Co-Trustees: Consent of the Majority
One potentially significant change for both estate planning attorneys and fiduciaries (particularly trustees who are administering a trust with co-trustees) is the abolition of Minnesota’s common law default rule regarding trust administrations involving multiple trustees. Currently, unless the trust instrument specifies otherwise, the co-trustees must unanimously agree in order to take action on behalf of the trust. Under the new UTC, the default rule will merely require the consent of a majority of the co-trustees in order for such action to be taken.
This change appears intended to avoid deadlock and make co-trustee decision-making more efficient. That said, given the frequency with which estate planners have drafted around the action-by-unanimous-consent requirement, it remains to be seen how much of an impact this change will have on ongoing trust administration. Nonetheless, planners should recognize that it will no longer be necessary to include majority-vote provisions in trust instruments that they draft.
Safe Harbor for Out-Voted Trustees
Of potentially greater significance from the fiduciary perspective is the UTC’s attempt to create a “safe harbor” for co-trustees who find themselves out-voted on a particular trust administration issue. In short, a co-trustee who does not join in an action (or who notifies his or her co-trustees that he or she opposes the action at or before the time that the action is taken) is generally immune from liability resulting from that action under the new statute.
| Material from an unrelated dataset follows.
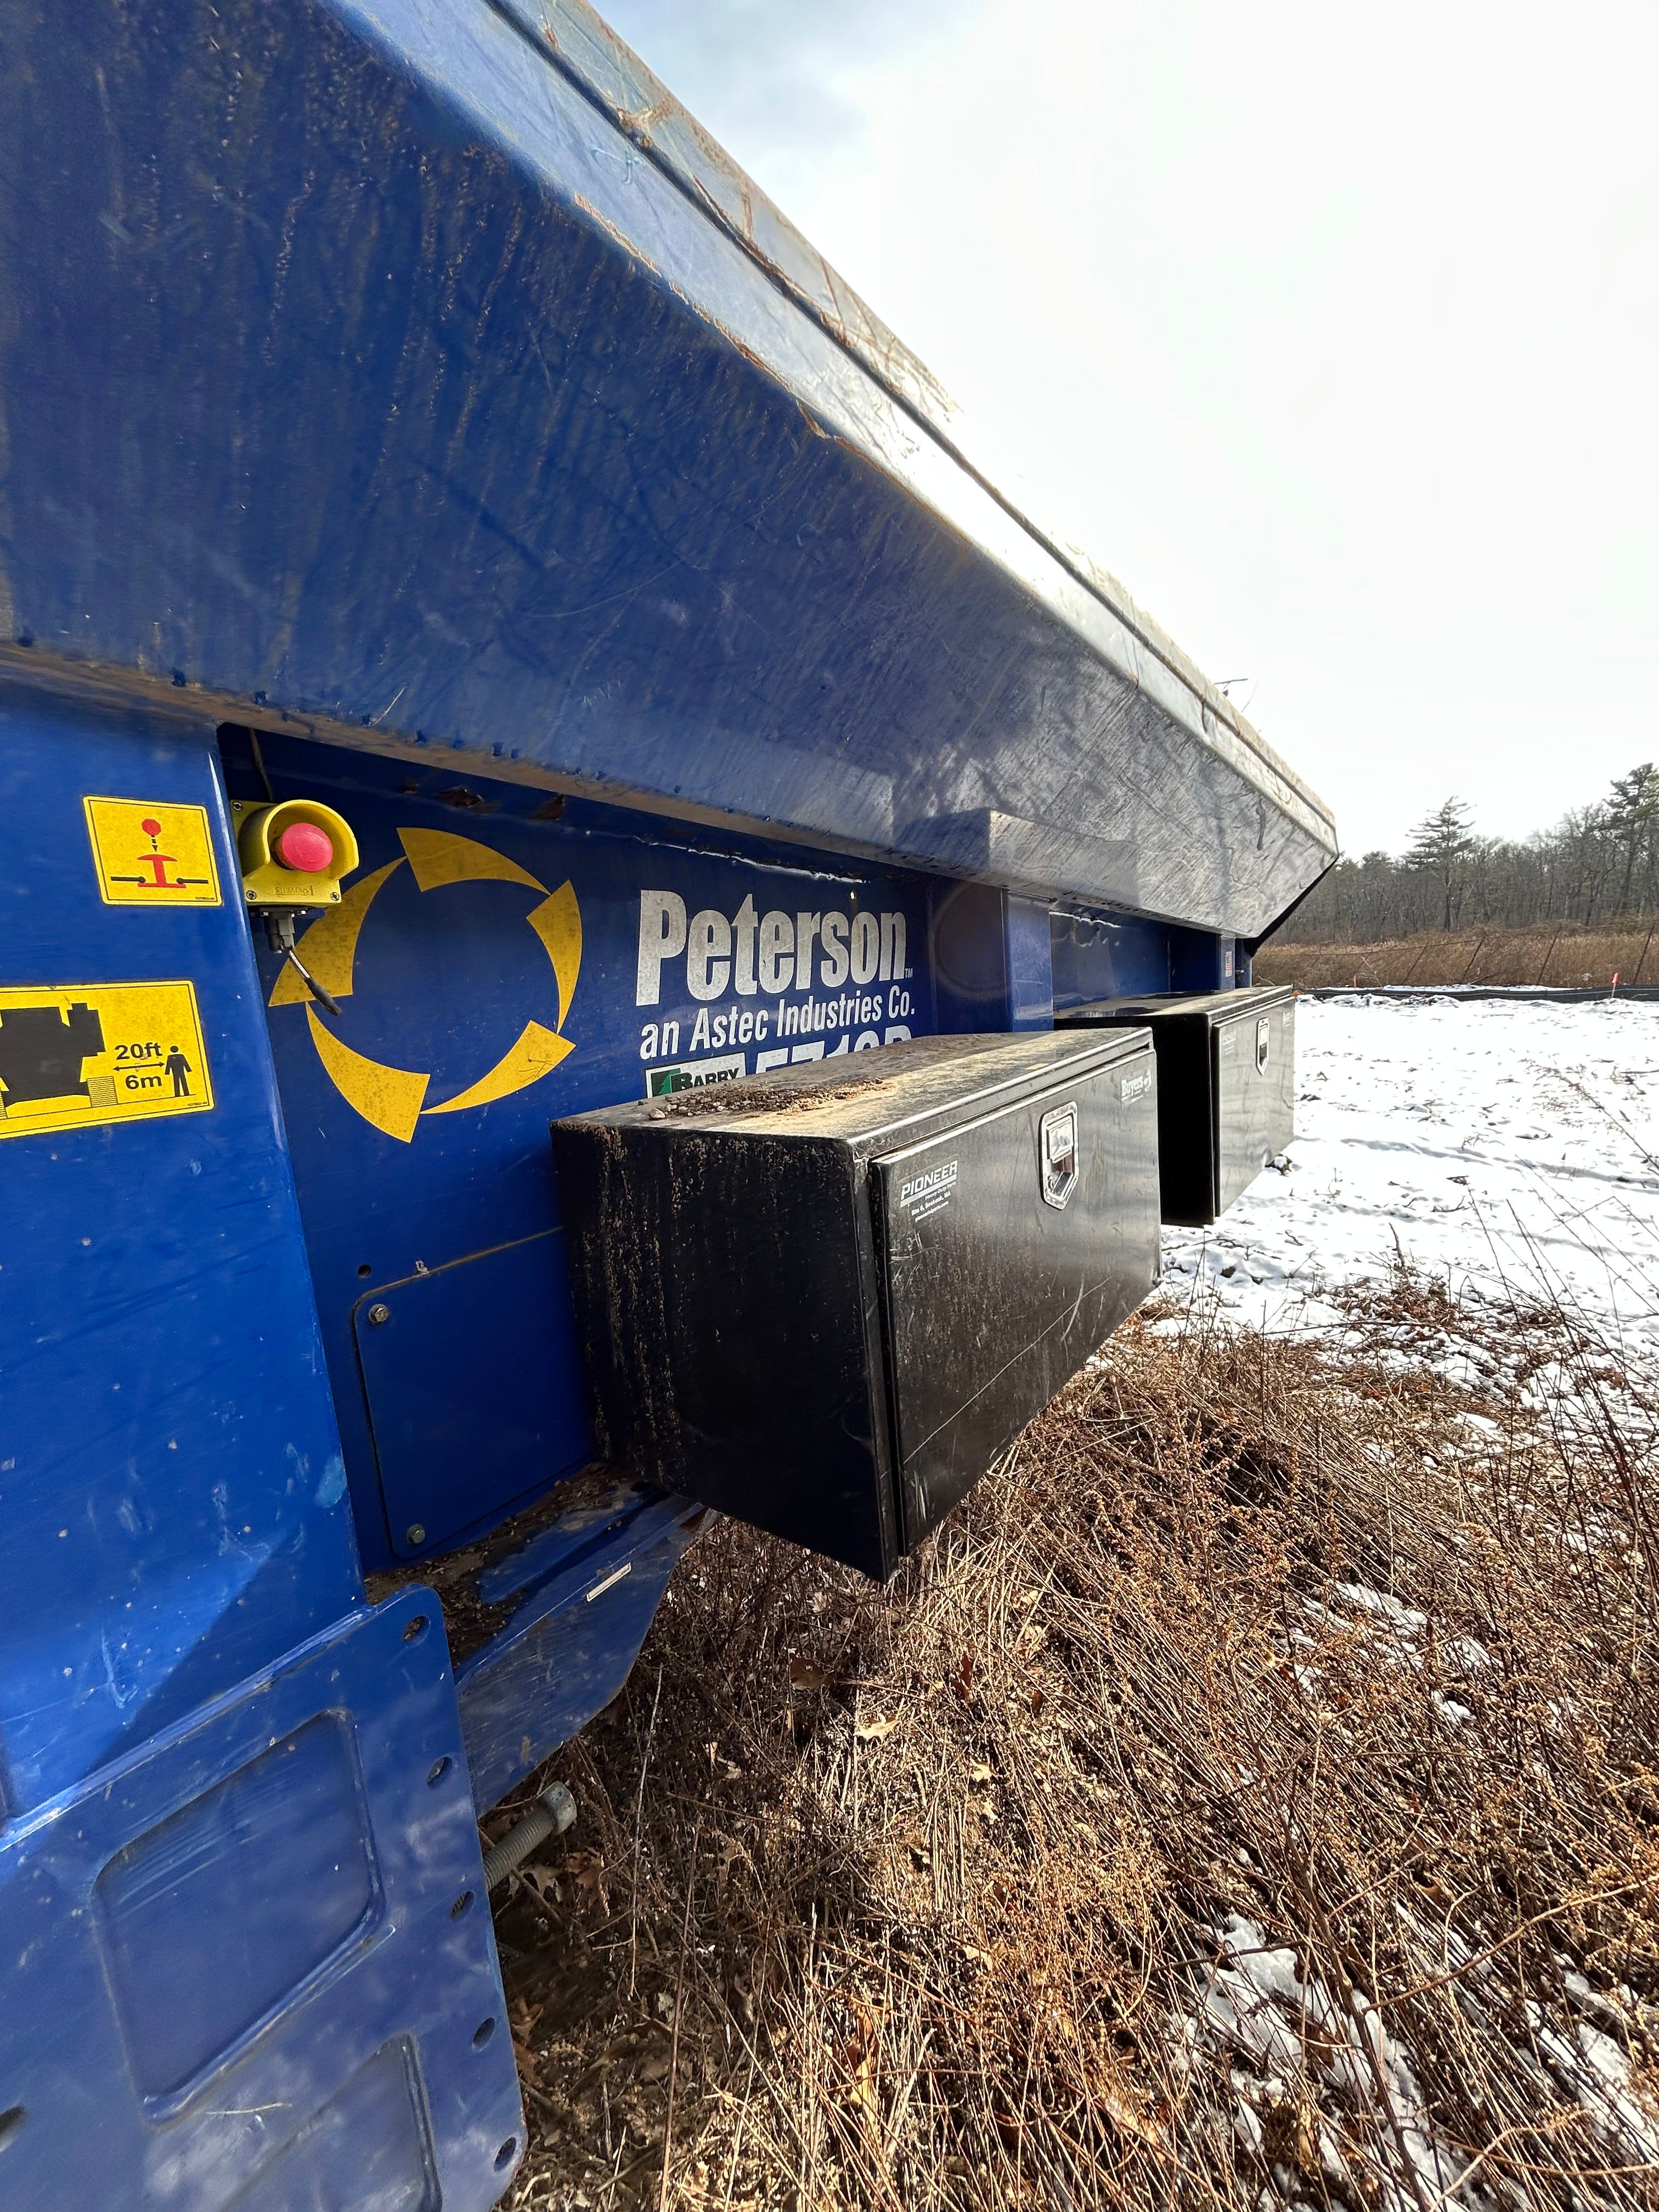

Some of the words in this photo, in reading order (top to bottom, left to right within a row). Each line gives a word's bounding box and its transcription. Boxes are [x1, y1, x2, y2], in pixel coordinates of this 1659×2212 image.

That is not to say, however, that a dissenting co-trustee will be completely immunized in such situations. If the disputed action is deemed a “serious breach of trust,” the dissenting co-trustee may still be held liable to the extent he or she fails to exercise reasonable care to either prevent the breach or adequately redress it. Because the line between a serious and a non-serious breach of trust is not well defined, a dissenting co-trustee may still want to petition the court for instructions instead of blindly relying on the safe-harbor provision of the UTC.